Honey is a sweet, sticky yellowish fluid made from the nectar of flowers which then gets collected by bees. It is great for putting on a piece of bread or in your tea when you have a sore throat. But have you ever wondered how honey is made?
Bees start collecting nectar from the blossom, which is the sugary juice part of the flower, from which they eat by using their tongues and storing it in their tummy, which some people call the ‘honey stomach’. The ‘honey stomach’ is different to their ‘food stomach’ though. So when the bee gets a little hungry it doesn’t go into the honey stomach.                                                                                                                   

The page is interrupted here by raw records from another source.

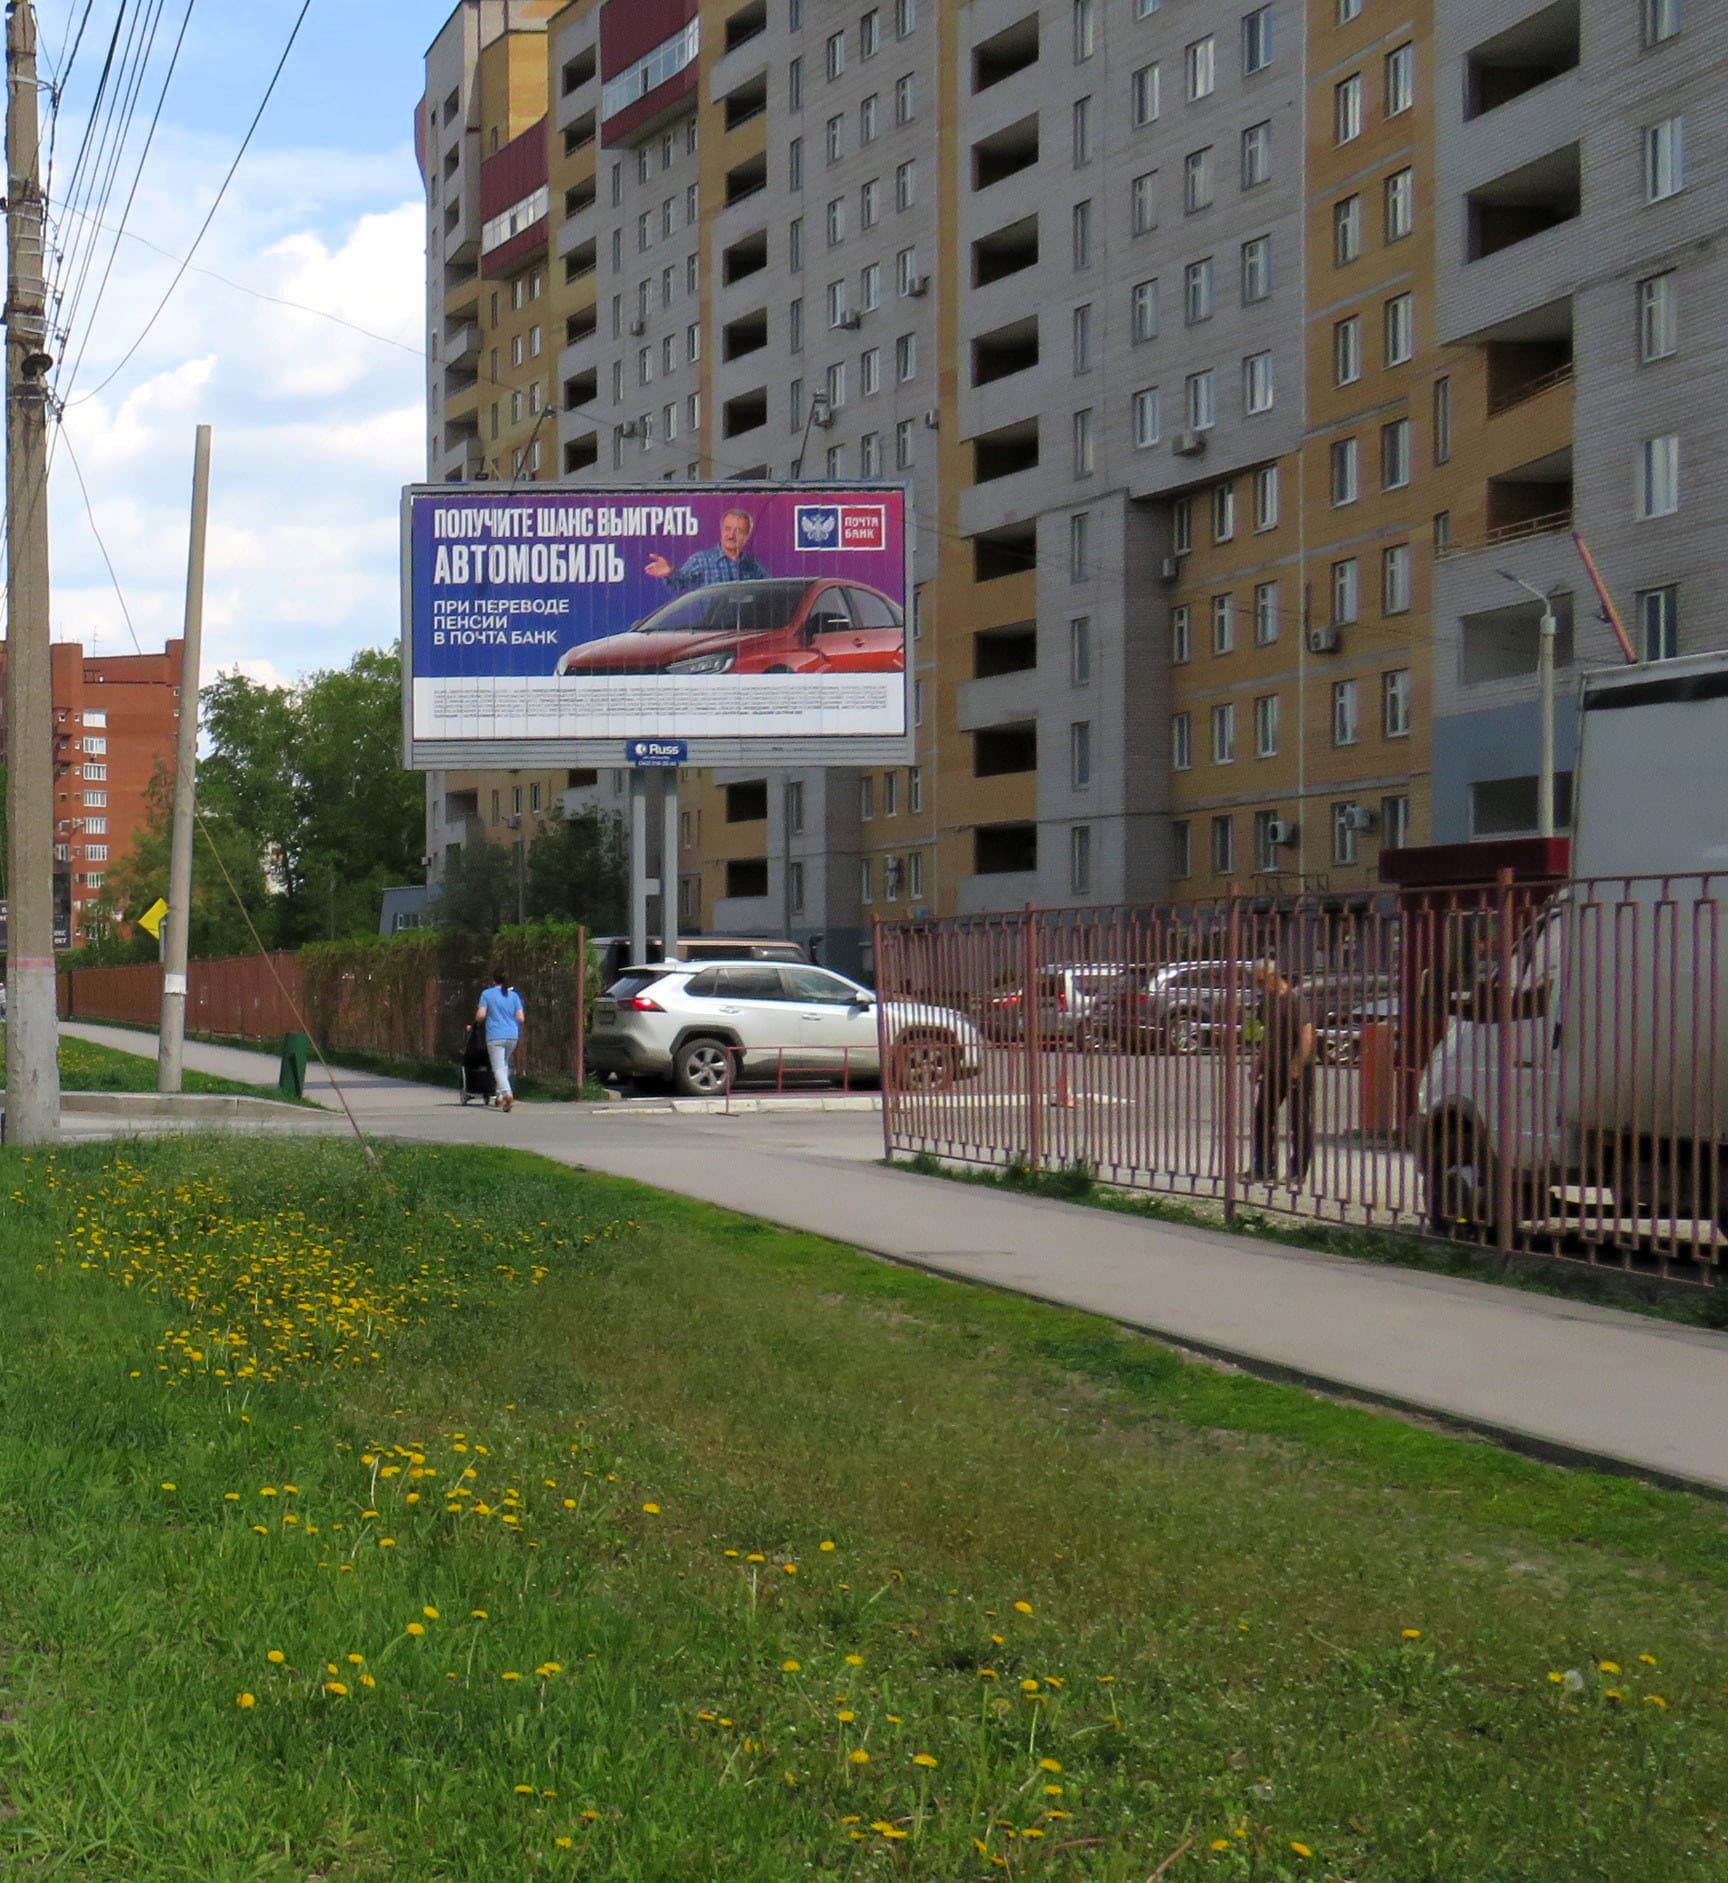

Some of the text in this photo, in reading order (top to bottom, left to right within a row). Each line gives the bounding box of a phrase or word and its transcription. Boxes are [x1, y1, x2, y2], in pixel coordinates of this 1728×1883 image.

[434, 505, 699, 538] ПОЛУЧИТЕ ШАНС ВЫИГРАТЬ
[844, 517, 879, 527] ПОЧТА
[844, 528, 875, 539] БАНК
[433, 543, 624, 584] АВТОМОБИЛЬ
[433, 598, 570, 615] ПРИ ПЕРЕВОДЕ
[433, 614, 508, 629] ПЕНСИИ
[433, 629, 558, 645] В ПОЧТА БАНК
[649, 743, 680, 756] Russ

When the bee is fully loaded, it flies back to the hive it works at. From there they pass it on to the next worker bee by using their mouths, then the other worker bee chews it for a while and so it goes along to the next bee and the next until it is honey. The bee then stores it in honeycomb cells, which can be described as tiny jars of wax.
After all that, the honey would still be wet, so the bee would fan it out with their wings until it is sticky and just right. From there they seal it with a wax lid, so it can stay clean.

Did you know it takes about 8 bees to make a tablespoon of honey? So imagine how much bees it would take to make a whole jar full just for our satisfaction. So remember the next time you have honey, use it sensibly.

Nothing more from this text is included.